_Exercise directions:_
Reproduce every entry that follows word for word, but omit the images.
(Data in this exercise begins)
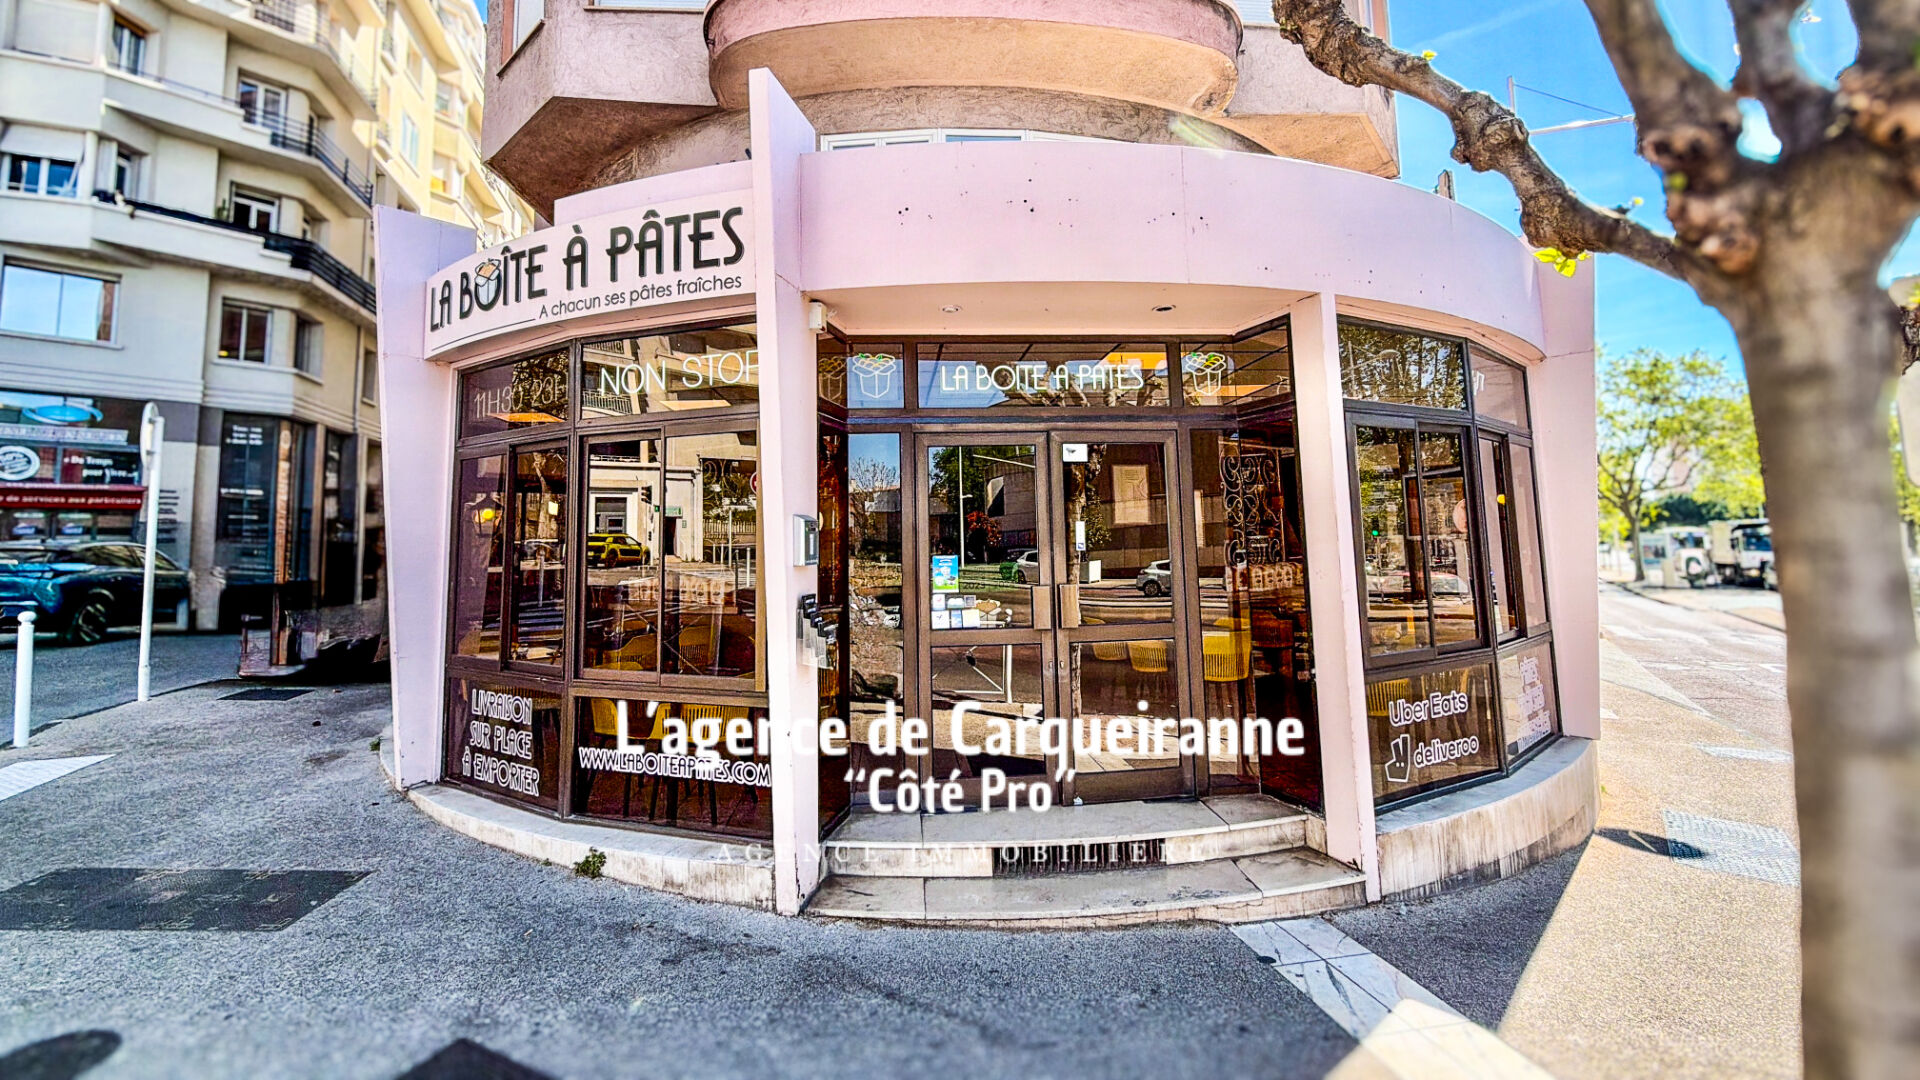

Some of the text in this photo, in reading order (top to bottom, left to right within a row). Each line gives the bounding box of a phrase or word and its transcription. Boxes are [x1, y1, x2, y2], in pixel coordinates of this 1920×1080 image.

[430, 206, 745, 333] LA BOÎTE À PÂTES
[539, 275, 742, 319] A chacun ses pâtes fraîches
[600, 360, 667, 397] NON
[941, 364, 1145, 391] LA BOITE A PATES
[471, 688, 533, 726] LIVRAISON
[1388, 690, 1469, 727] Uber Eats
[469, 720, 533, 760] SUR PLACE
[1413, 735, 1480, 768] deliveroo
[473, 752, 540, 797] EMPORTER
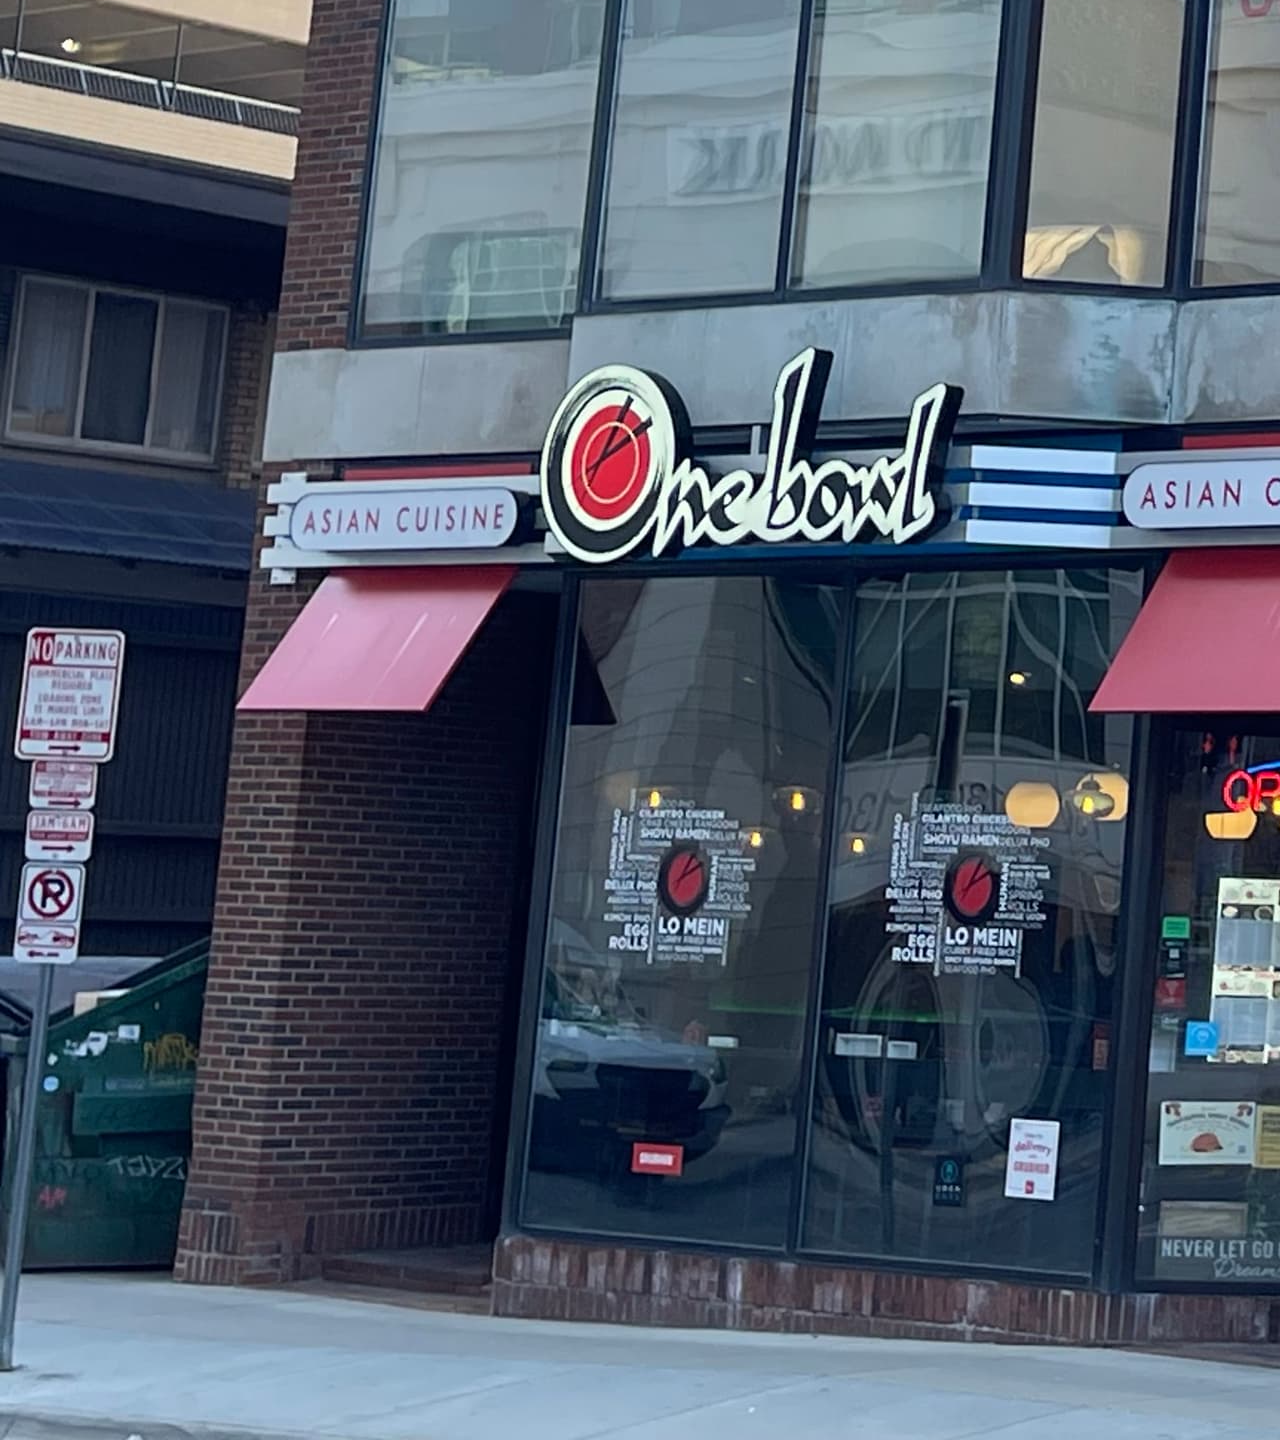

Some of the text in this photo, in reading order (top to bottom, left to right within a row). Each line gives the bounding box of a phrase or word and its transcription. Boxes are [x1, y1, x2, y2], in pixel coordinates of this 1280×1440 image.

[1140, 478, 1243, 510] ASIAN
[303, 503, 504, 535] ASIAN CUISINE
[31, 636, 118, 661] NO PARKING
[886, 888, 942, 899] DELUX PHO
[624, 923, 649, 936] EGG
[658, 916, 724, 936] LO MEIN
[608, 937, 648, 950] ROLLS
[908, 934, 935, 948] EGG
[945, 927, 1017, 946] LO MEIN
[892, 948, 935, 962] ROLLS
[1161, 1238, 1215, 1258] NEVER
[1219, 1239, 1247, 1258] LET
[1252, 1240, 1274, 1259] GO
(Data in this exercise ends)
_Response:_
Some of the text in this photo, in reading order (top to bottom, left to right within a row). Each line gives the bounding box of a phrase or word and its transcription. Boxes are [x1, y1, x2, y2], in pixel coordinates of this 1920×1080 image.

[430, 206, 745, 333] LA BOÎTE À PÂTES
[539, 275, 742, 319] A chacun ses pâtes fraîches
[600, 360, 667, 397] NON
[941, 364, 1145, 391] LA BOITE A PATES
[471, 688, 533, 726] LIVRAISON
[1388, 690, 1469, 727] Uber Eats
[469, 720, 533, 760] SUR PLACE
[1413, 735, 1480, 768] deliveroo
[473, 752, 540, 797] EMPORTER

Some of the text in this photo, in reading order (top to bottom, left to right within a row). Each line gives the bounding box of a phrase or word and its transcription. Boxes are [x1, y1, x2, y2], in pixel coordinates of this 1280×1440 image.

[1140, 478, 1243, 510] ASIAN
[303, 503, 504, 535] ASIAN CUISINE
[31, 636, 118, 661] NO PARKING
[886, 888, 942, 899] DELUX PHO
[624, 923, 649, 936] EGG
[658, 916, 724, 936] LO MEIN
[608, 937, 648, 950] ROLLS
[908, 934, 935, 948] EGG
[945, 927, 1017, 946] LO MEIN
[892, 948, 935, 962] ROLLS
[1161, 1238, 1215, 1258] NEVER
[1219, 1239, 1247, 1258] LET
[1252, 1240, 1274, 1259] GO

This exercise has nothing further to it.